Hidden back in my suitcase are several items which I have not looked at or thought about in the last 60 days – a down winter vest, some makeup, a student id from NTNU. There is a cell phone with a Norwegian phone number that I never managed to remember even though it belongs to me. Finally, there is a keychain holding the most solid and complicated key I’ve ever owned – one that ironically belongs to the most secure and safe place I have ever lived. The comparison of this key to my Norwegian small town student apartment to the flimsy piece of aluminum used for my hotel room is comical. These keys further remind me of sets I have held through other identities – especially those that used to be part of an internal “keys, wallet, phone” mantra that I would not leave my New York or Boston apartments without repeating in check. Such items become symbols of the habits which form our lives and how we identify with the world.

It is interesting to me the items one believes they cannot leave home without depending on a specific position in life/the globe, or to any one particular identity. I have not owned, or even used, a phone since September and I haven’t particularly missed it. In Norway I used my phone for social commitments and to check the time, in New York the phone was a storage device for any pertinent contact information – personal or business, and often held note reminders for those days when I would be without internet for several hours at a time. These objects and our relationships with them change with our circumstances and environment. In my case, “keys, wallet, phone” became “wallet” or “wallet, camera” by the time I got to Nepal, since life in a hotel allows the keys to be checked at the door. The breaks from some amount of materiality and the barriers to technology here have overall been refreshing. I am reminded of Thoreau writing in Walden how he feels bad to see the poor carrying all their belongings on their back, not because they are poor and have so little, but because they have to labor to carry so much which ties them down.
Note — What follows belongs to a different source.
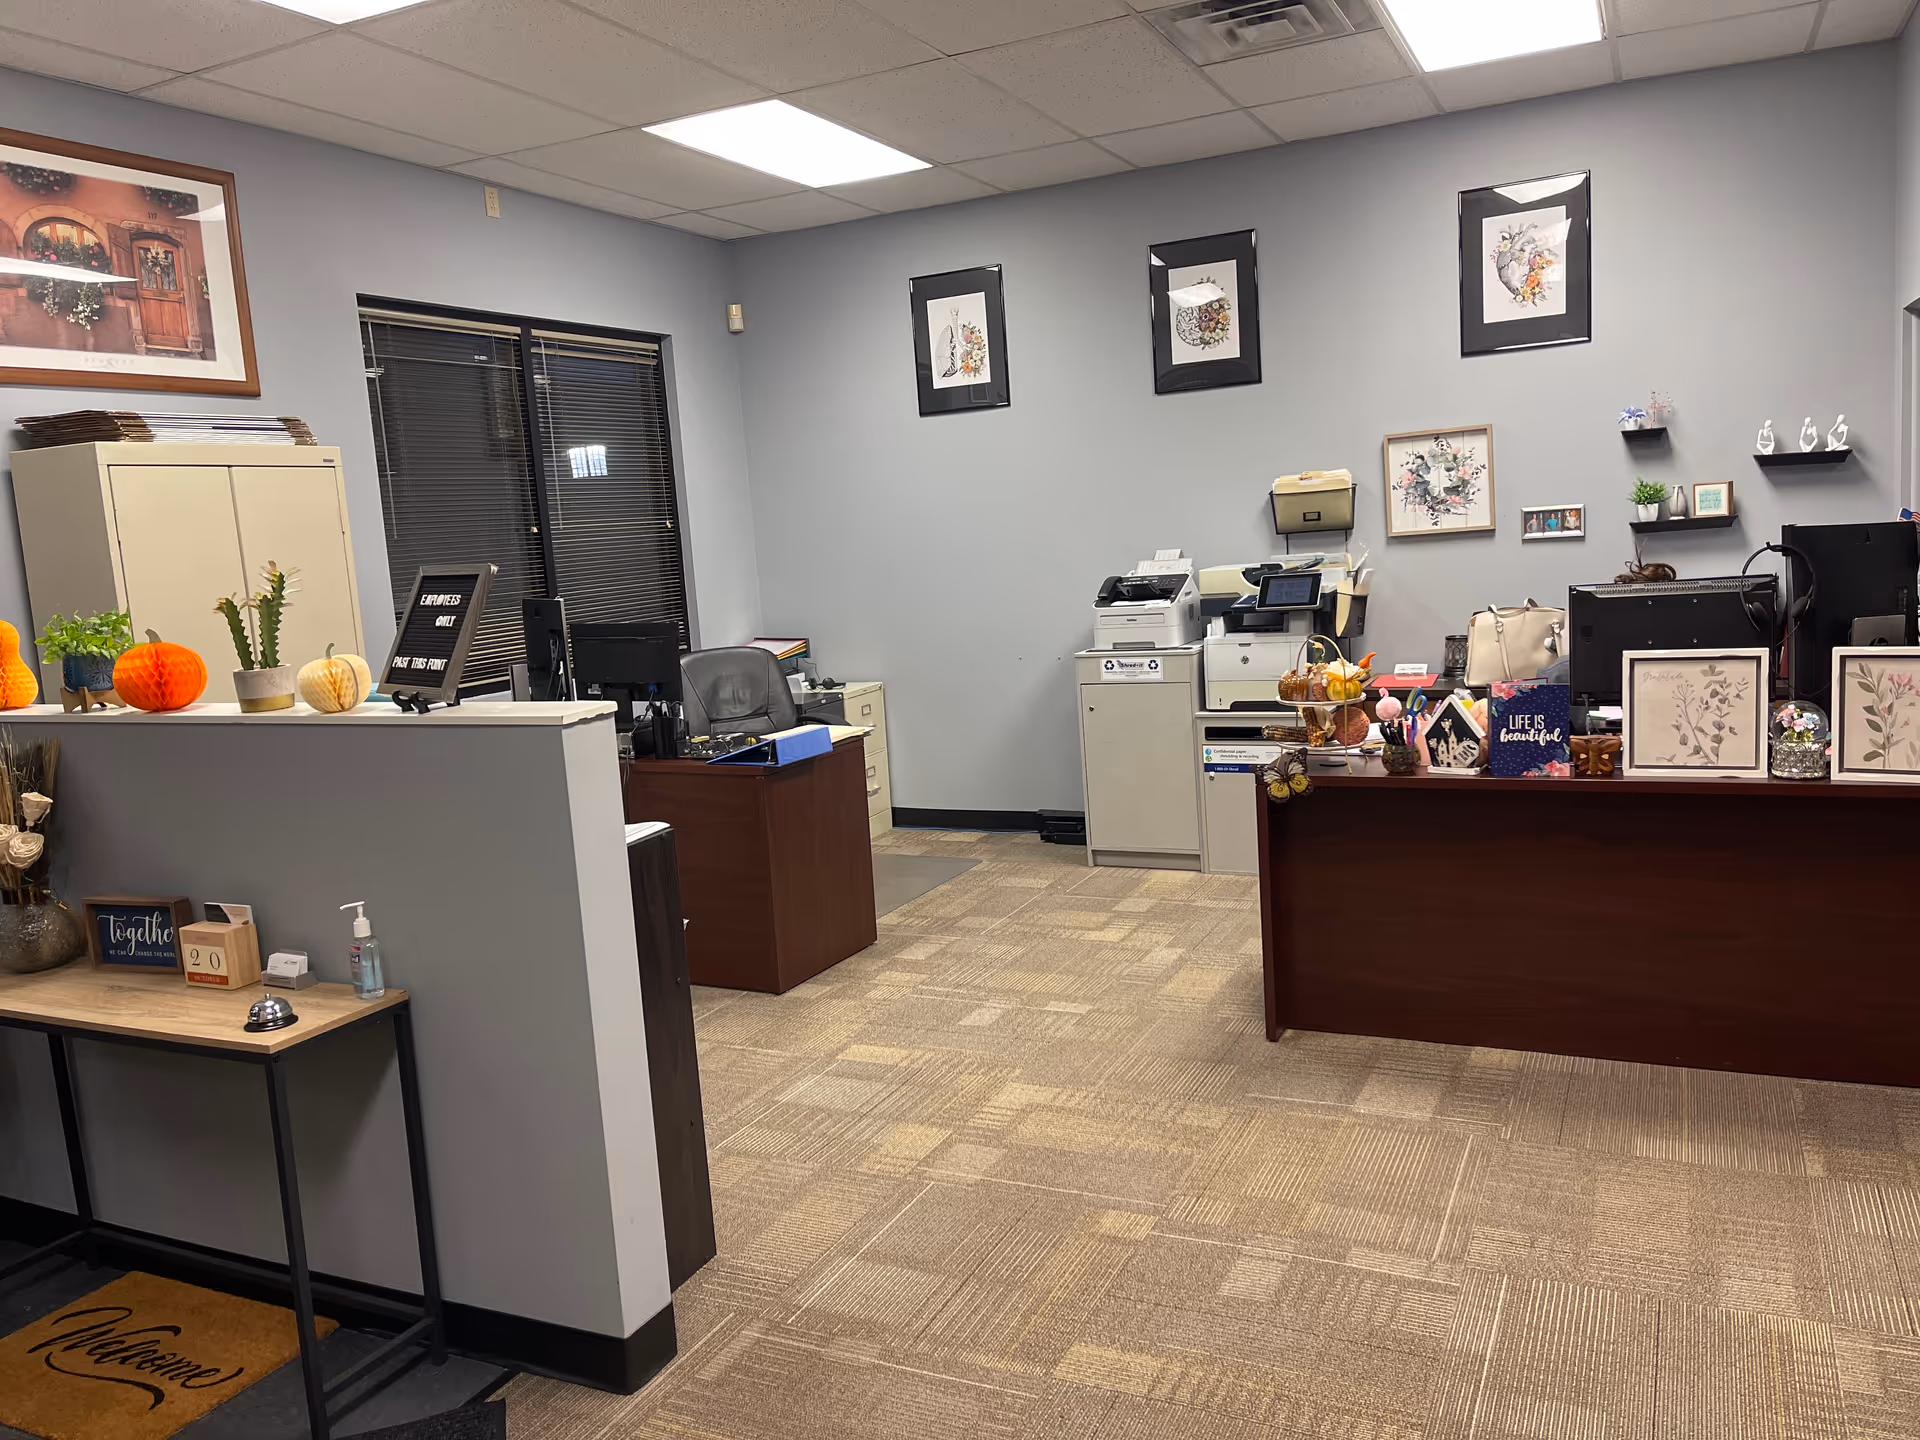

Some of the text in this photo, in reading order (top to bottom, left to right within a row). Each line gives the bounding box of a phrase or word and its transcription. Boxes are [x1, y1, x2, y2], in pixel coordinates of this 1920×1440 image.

So here I have fallen into an identity between volunteer worker and transient long term tourist. My class has come here from diverse cultural backgrounds stretching from Norway and France to China and Japan, but in Nepal have become a fairly cohesive international societal unit. I will return to Norway with the full identity of a student, saying goodbye to some good friends and many familiar faces - realizing that some relationships will carry on in different capacities and others will disappear or change completely, along with the habits of the day to day. Being one to typically fight nostalgia and embrace change, I look forward to the new opportunities that later identities may afford me. For me, the possession of multiple identities is a key element, both in the personal development of the individual and in our collective ability to relate to each other, adapting into variously scaled and termed social groups. It may be that multiple identities is the clearest form of underlying social infrastructure in the global environment.